The popular SealSpotter Challenge which launches on Sunday 9 May, gives participants the chance to contribute to vital research by monitoring the seal population via thousands of high-resolution images, captured by drones, and uploaded to the SealSpotter web portal.

These images are from the recent breeding and pupping season at two fur seal colonies, Seal Rocks and The Skerries, located on Victoria’s off-shore islands.

“Anyone with a device can help by counting adults, juveniles, and pups right through to the end of May in this important collaboration between citizen scientists and researchers,” says Dr Rebecca McIntosh, Research Scientist with Phillip Island Nature Parks.

“Participants can also help to spot individuals that are entangled in nets, fishing line and plastics from the ocean, across both locations.”

“We are finding some very interesting results, and beginning to uncover some of the secrets of the world’s largest colony of Australian fur seals, right here on our doorstep at Seal Rocks off the coast of Phillip Island.”

“Comparing the Seal Rocks colony, where over 3,000 pups may be born every year, with a remote and private colony such as at The Skerries near Mallacoota will help us understand more about these amazing animals and how they respond to the world they are sharing with all of us.”

“The contribution made by citizen scientists is really important to us, and although on occasions it can be confronting when viewing images that include dead seal pups, the information collected is incredibly valuable. Fur seal breeding colonies are dynamic and busy places and not all pups that are born survive to become adults.”

During last year’s SealSpotter Challenge, citizen scientists from over 37 countries across every continent, managed to view and label over 14,289 images and classify over 281,197 seals. Four collaborators each completed the full set of1939 images, which is an amazing effort and fantastic for statistically reliable results.

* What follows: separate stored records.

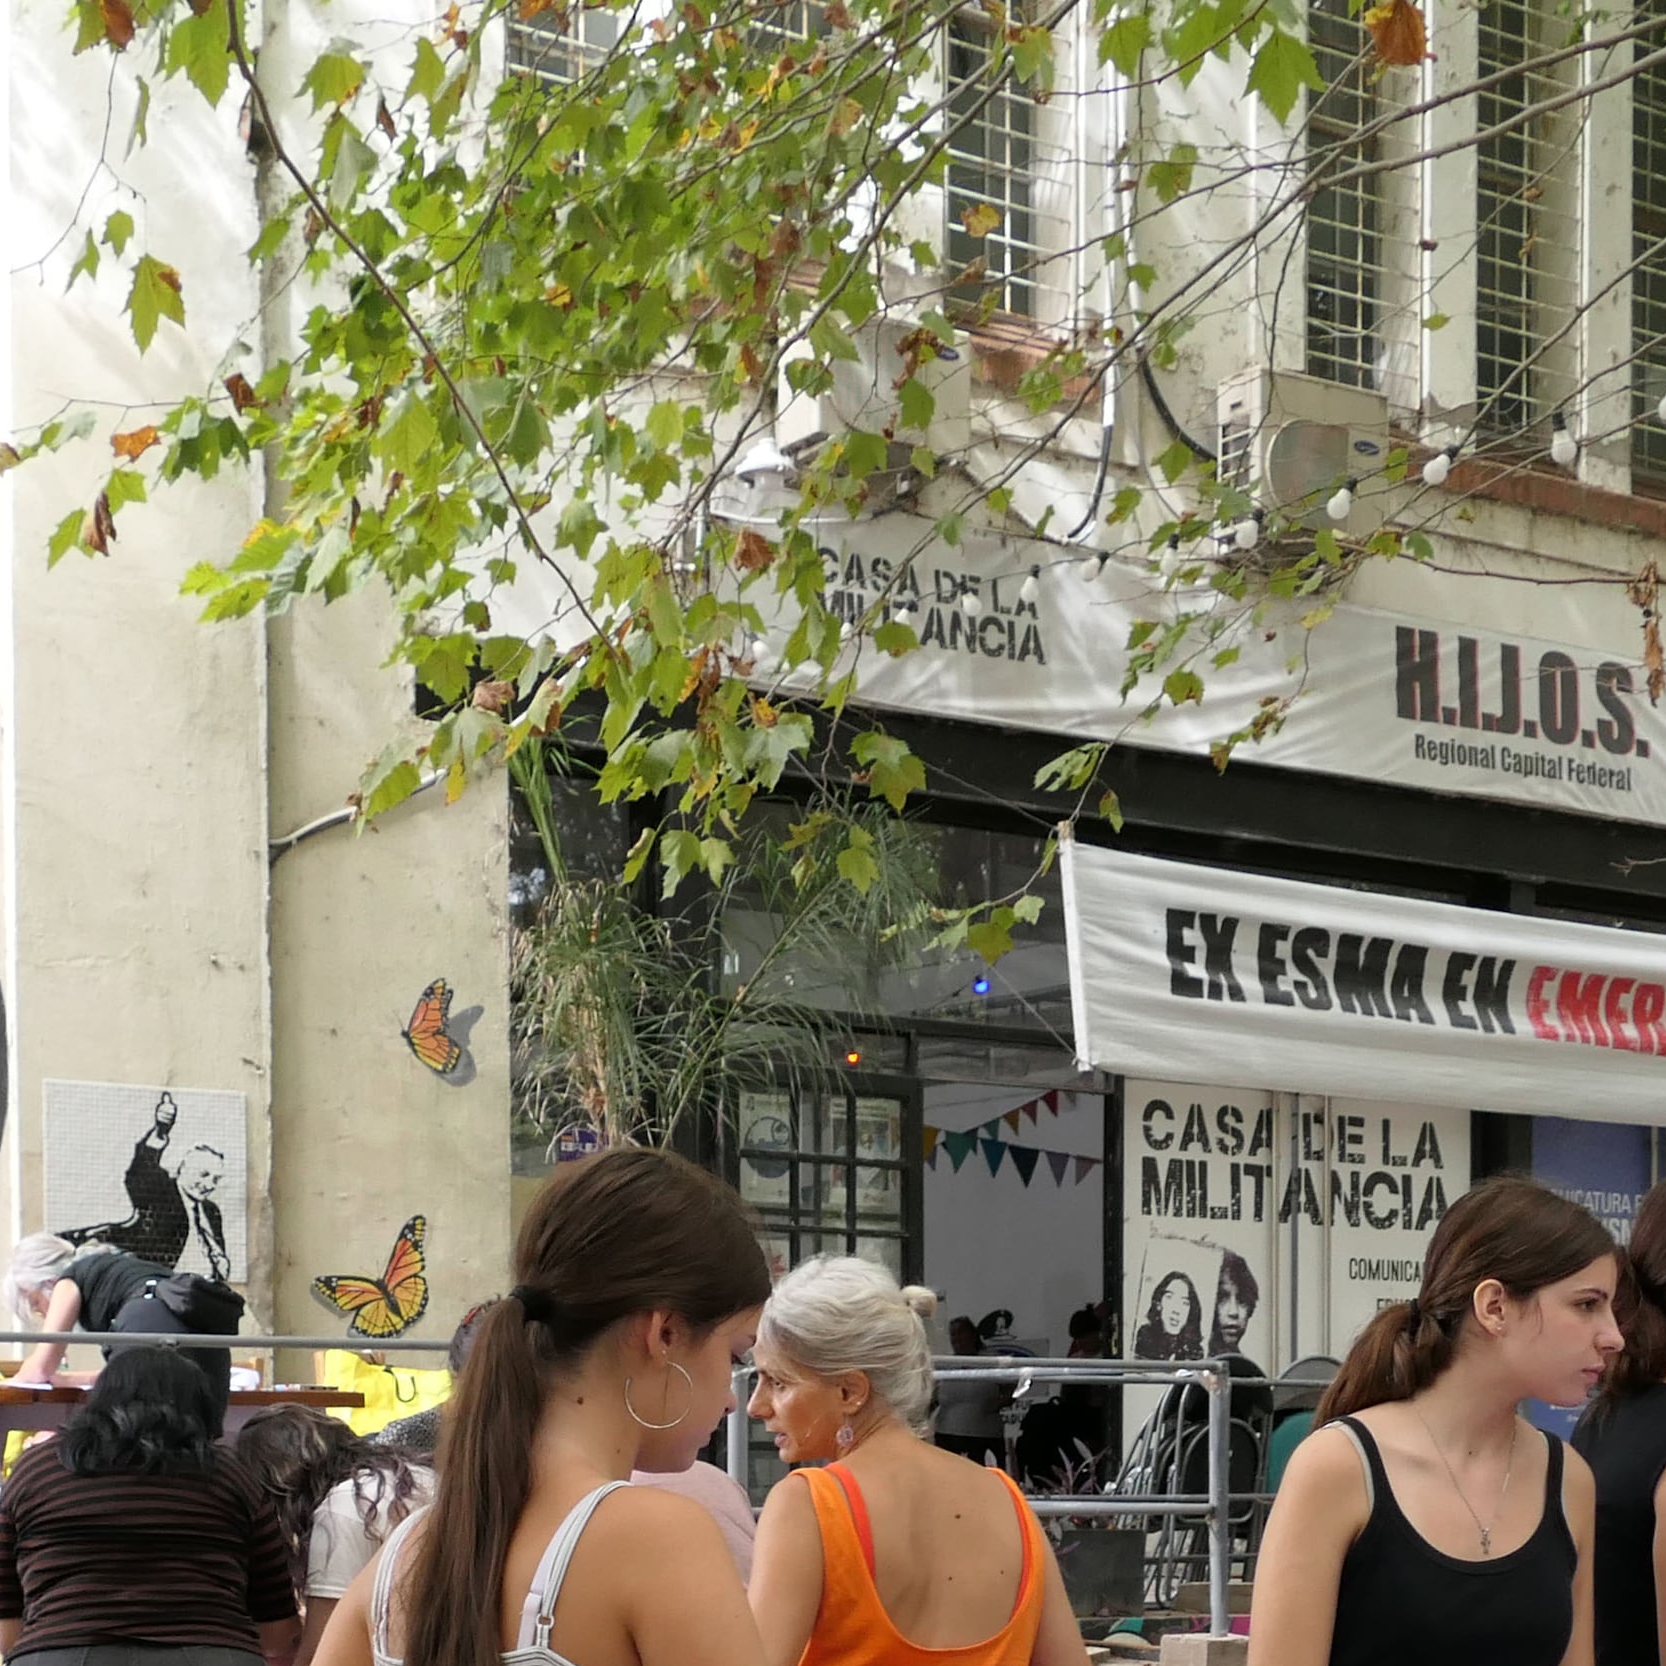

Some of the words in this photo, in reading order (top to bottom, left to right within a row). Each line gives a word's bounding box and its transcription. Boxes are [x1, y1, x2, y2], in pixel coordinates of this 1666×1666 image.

[818, 547, 921, 598] CASA
[1395, 625, 1651, 759] H.I.J.O.S.
[1414, 733, 1496, 769] Regional
[1500, 746, 1563, 780] Capital
[1567, 758, 1632, 792] Federal
[1164, 906, 1247, 1004] EX
[1256, 921, 1436, 1027] ESMA
[1442, 950, 1518, 1036] EN
[1141, 1098, 1273, 1158] CASA
[1302, 1111, 1366, 1165] DE
[1381, 1117, 1445, 1170] LA
[1141, 1155, 1450, 1231] MILITANCIA
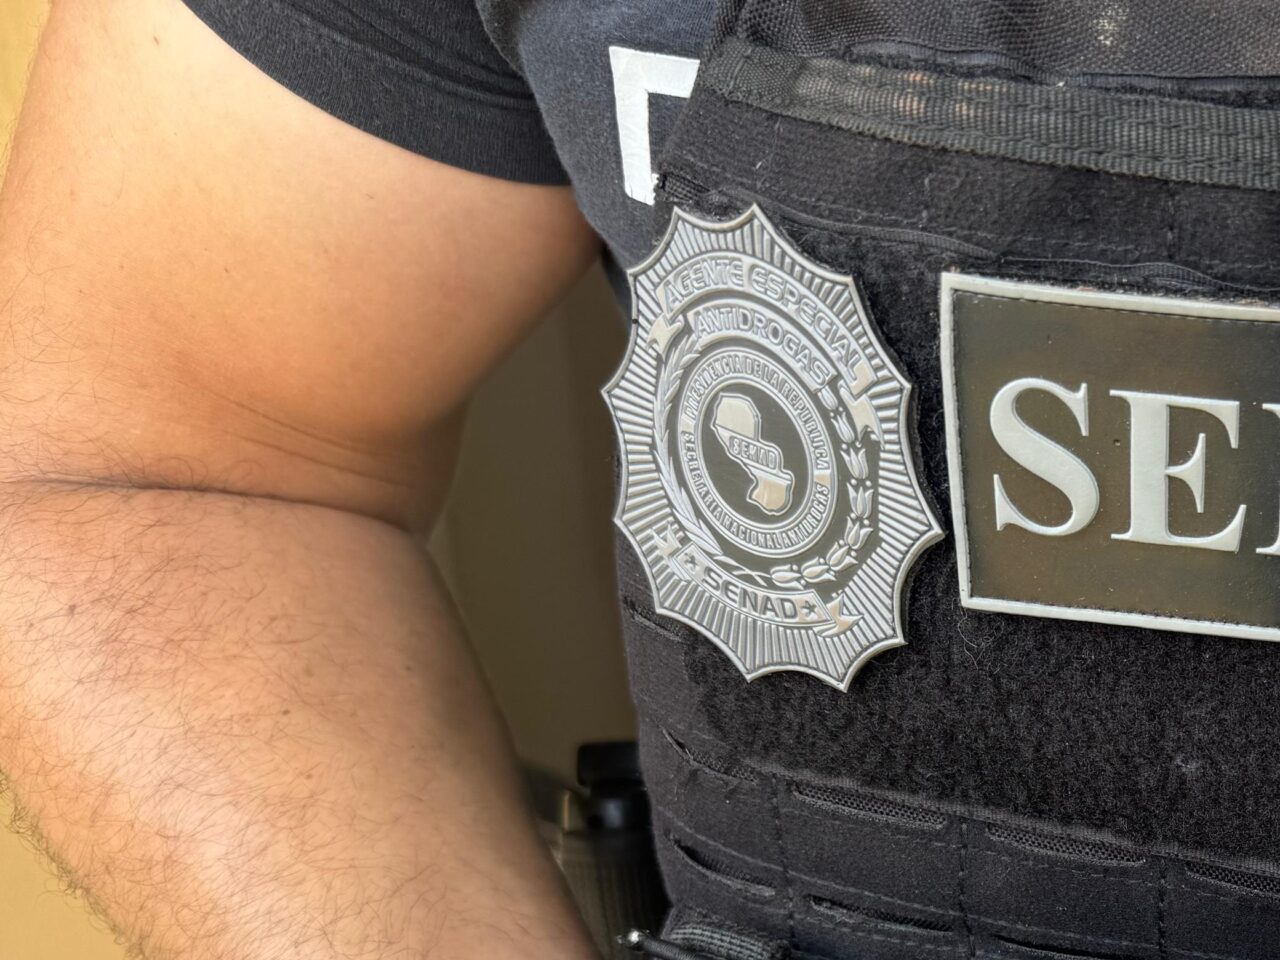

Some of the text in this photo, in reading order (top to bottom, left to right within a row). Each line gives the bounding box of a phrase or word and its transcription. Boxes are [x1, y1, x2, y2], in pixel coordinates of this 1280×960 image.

[664, 256, 862, 380] AGENTE ESPECIAL
[692, 306, 831, 387] ANTIDROGAS
[744, 356, 761, 377] DE
[762, 361, 779, 388] LA
[729, 435, 778, 470] SENAD
[721, 516, 781, 549] NACIONAL
[702, 566, 797, 619] SENAD
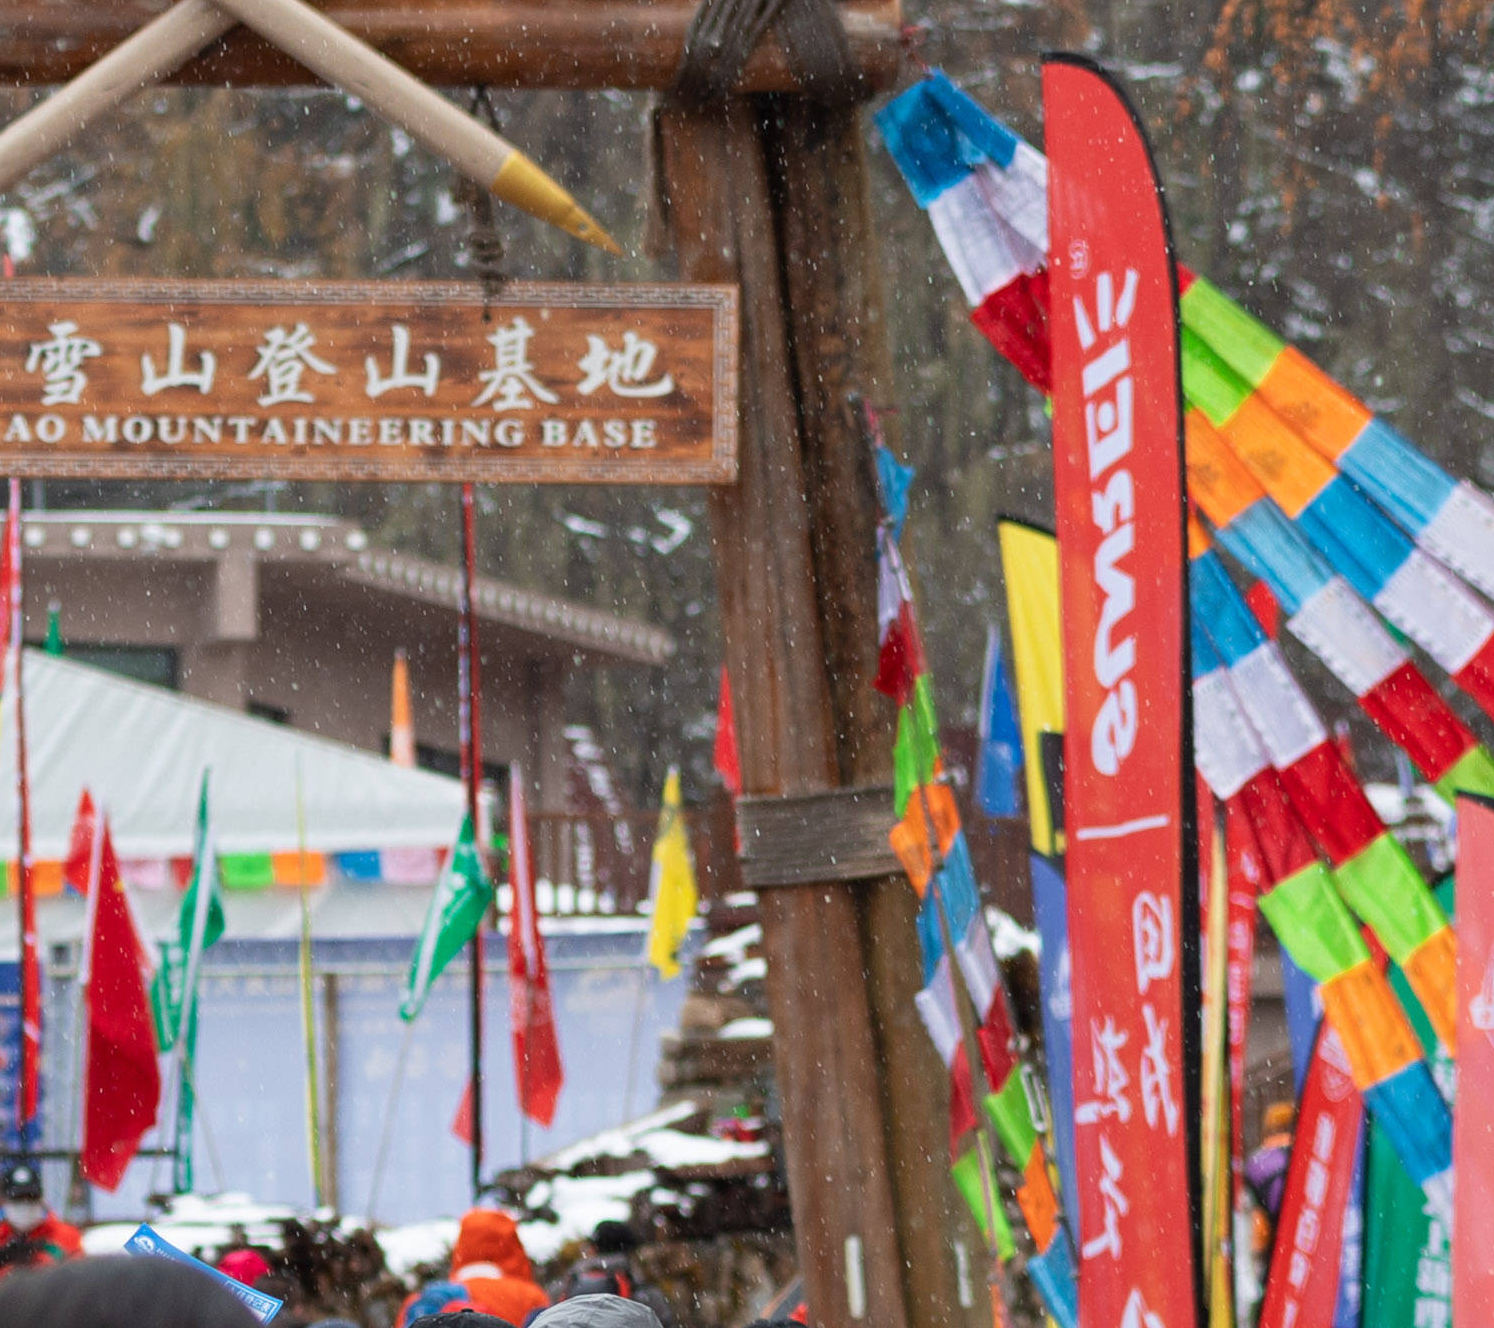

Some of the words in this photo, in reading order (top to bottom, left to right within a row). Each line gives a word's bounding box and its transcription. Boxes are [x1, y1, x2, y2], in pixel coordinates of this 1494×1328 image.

[0, 414, 67, 445] AO
[79, 414, 528, 450] MOUNTAINEERING
[539, 418, 659, 450] BASE
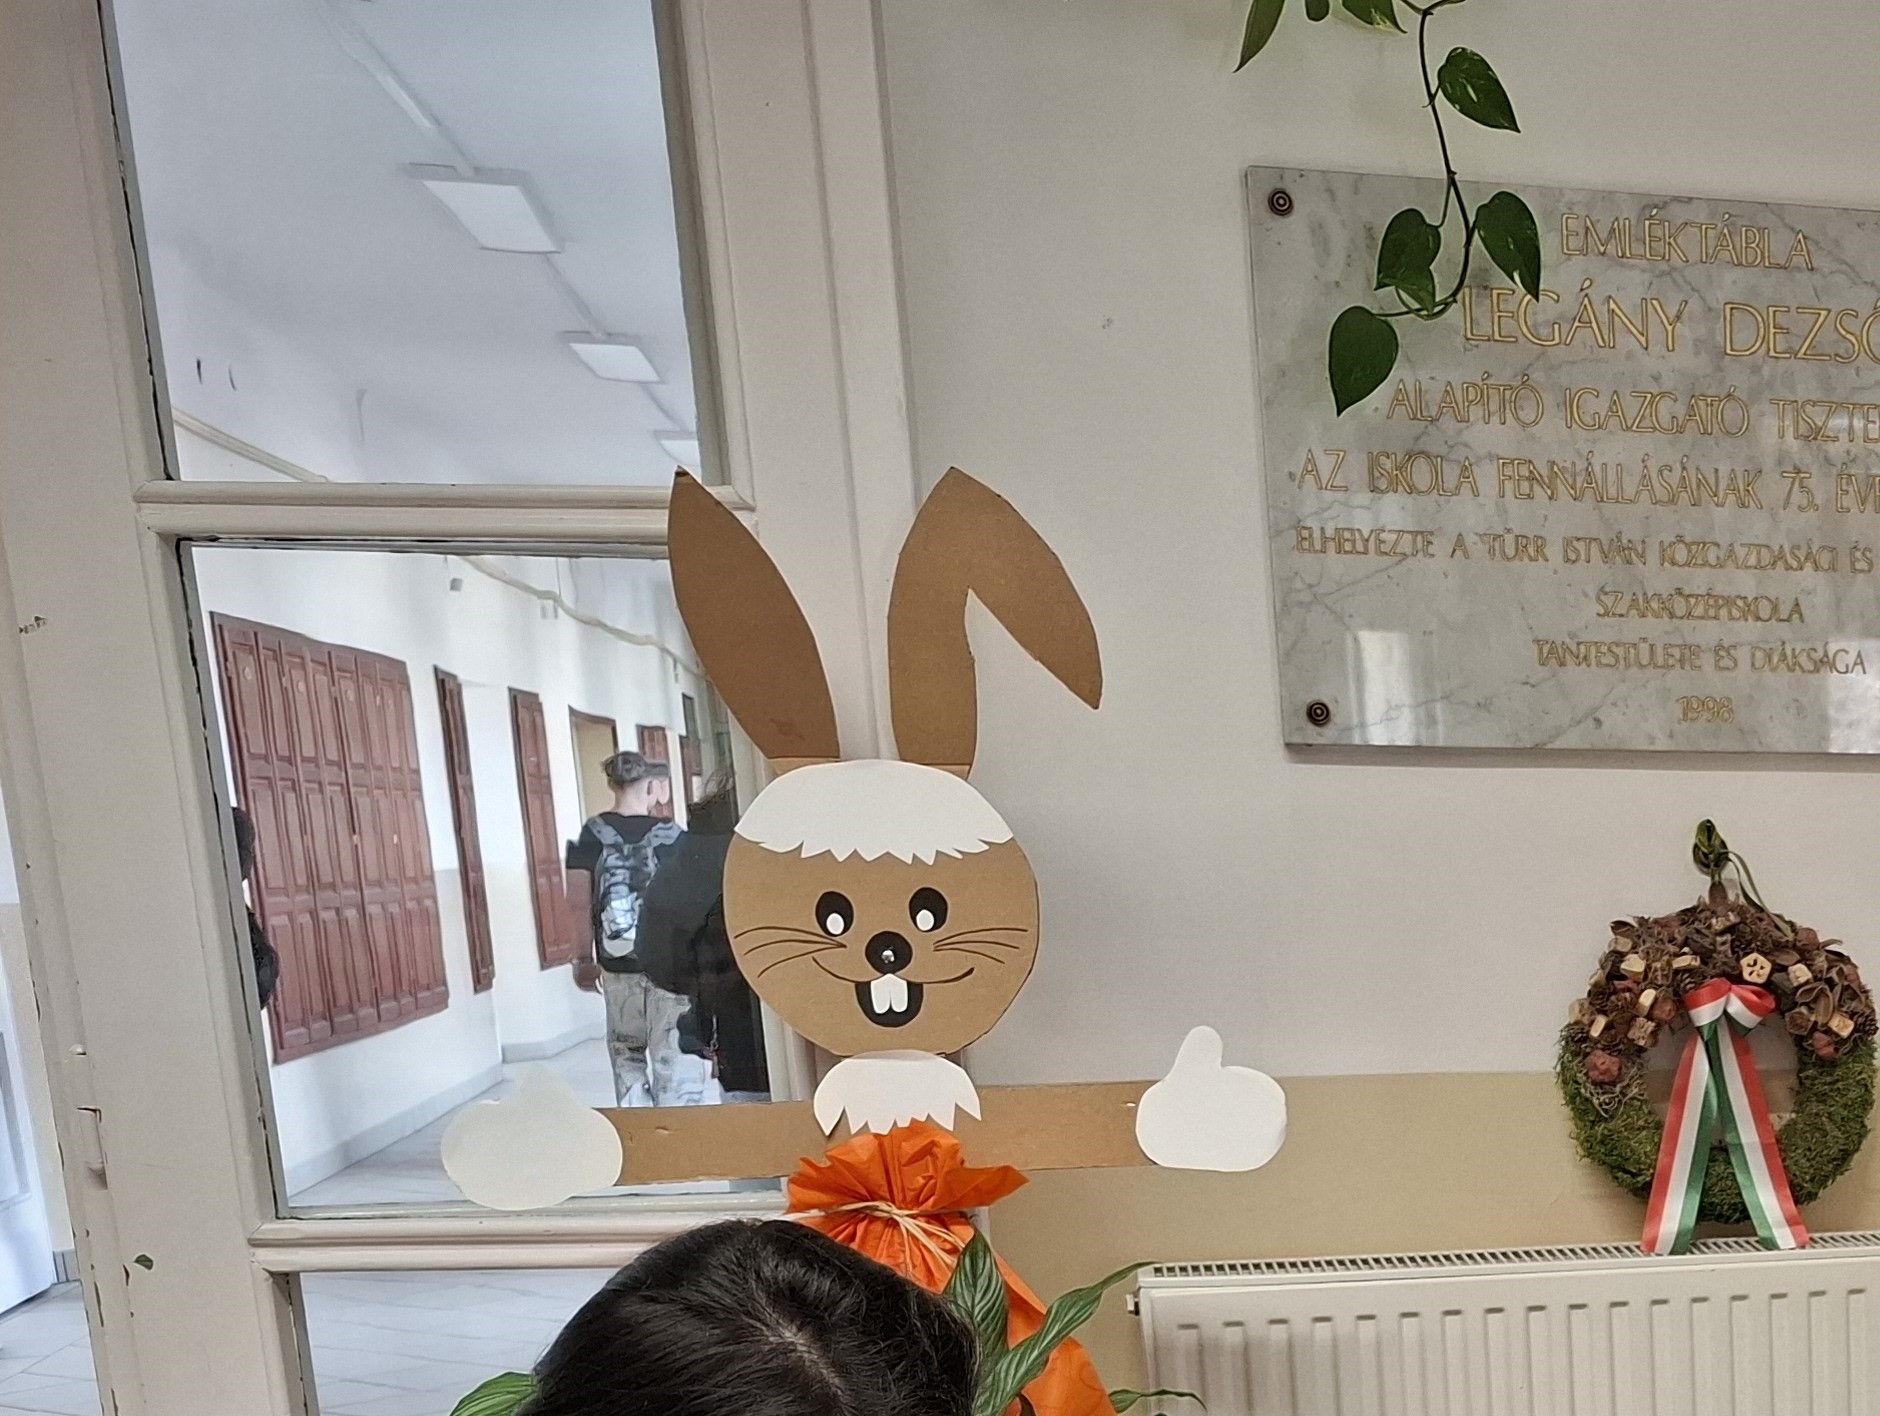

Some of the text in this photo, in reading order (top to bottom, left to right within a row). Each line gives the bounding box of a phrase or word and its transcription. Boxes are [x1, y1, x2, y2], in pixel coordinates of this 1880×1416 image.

[1561, 208, 1815, 272] EMLÉKTÁBLA
[1462, 278, 1688, 352] LEGÁNY
[1386, 371, 1545, 428] ALAPÍTÓ
[1563, 384, 1750, 438] IGAZGATÓ
[1298, 448, 1349, 492] AZ
[1366, 450, 1480, 497] ISKOLA
[1497, 451, 1764, 509] FENNÁLLÁSÁNAK
[1296, 525, 1436, 559] ELHELYEZTE
[1449, 531, 1471, 560] A
[1478, 527, 1549, 563] TÜRR
[1562, 530, 1647, 566] ISTVÁN
[1659, 535, 1839, 572] KÖZGAZDASÁGI
[1850, 540, 1875, 574] ÉS
[1595, 586, 1805, 624] SZAKKÖZÉPISKOLA
[1532, 636, 1868, 675] TANTESTÜLETE ÉS DIÁKSÁGA
[1675, 695, 1734, 723] 1998

Researchers have also ventured underwater in an effort to measure and understand the impacts of underwater noise on this important breeding colony of seals. Commercial divers braved the surging swells at Seal Rocks recently to install a hydrophone which will detect underwater noise 24 hours per day for up to a month on just one battery.

The hydrophone is part of a new PhD being performed by Jessalyn Taylor from the Sydney School of Veterinary Science at the University of Sydney, investigating if vessels that visit Seal Rocks cause any disturbance to the seals, particularly during the breeding season (Nov-Dec) when newborn pups are weak and vulnerable.

The hydrophone project is supervised by an international and cross-disciplinary team made up of Dr Rebecca McIntosh, Dr Rachael Gray from the University of Sydney and Dr Isabelle Charrier from the University of Paris-Saclay & CNRS.

“It was challenging to install equipment underwater with waves crashing overhead, and seals are pulling at the divers’ fins and oxygen source. They are so curious and playful. When observing how the seals play with the hookah cable, it is easy to see how they become entangled in marine debris and fishing line.”

Regulations are in place to protect marine mammals both from above and in the water. Recreational boats, kayaks and paddle boards need to stay 60m away from the low water mark at Seal Rocks to minimise disturbance and entanglement in recreational fishing line. Jet skis are prohibited vessels and need to stay 260m away from the low water mark. Permitted tour vessels may approach to 30m from Seal Rocks.

Drones cannot approach within 500 vertical metres or within a 500-metre radius of a whale, dolphin, or seal. Nature Parks’ researchers have undergone rigorous training and certification, and fly these research drones under permit.

The SealSpotter portal was developed by Phillip Island Nature Parks’ researchers thanks to generous funding from the Penguin Foundation.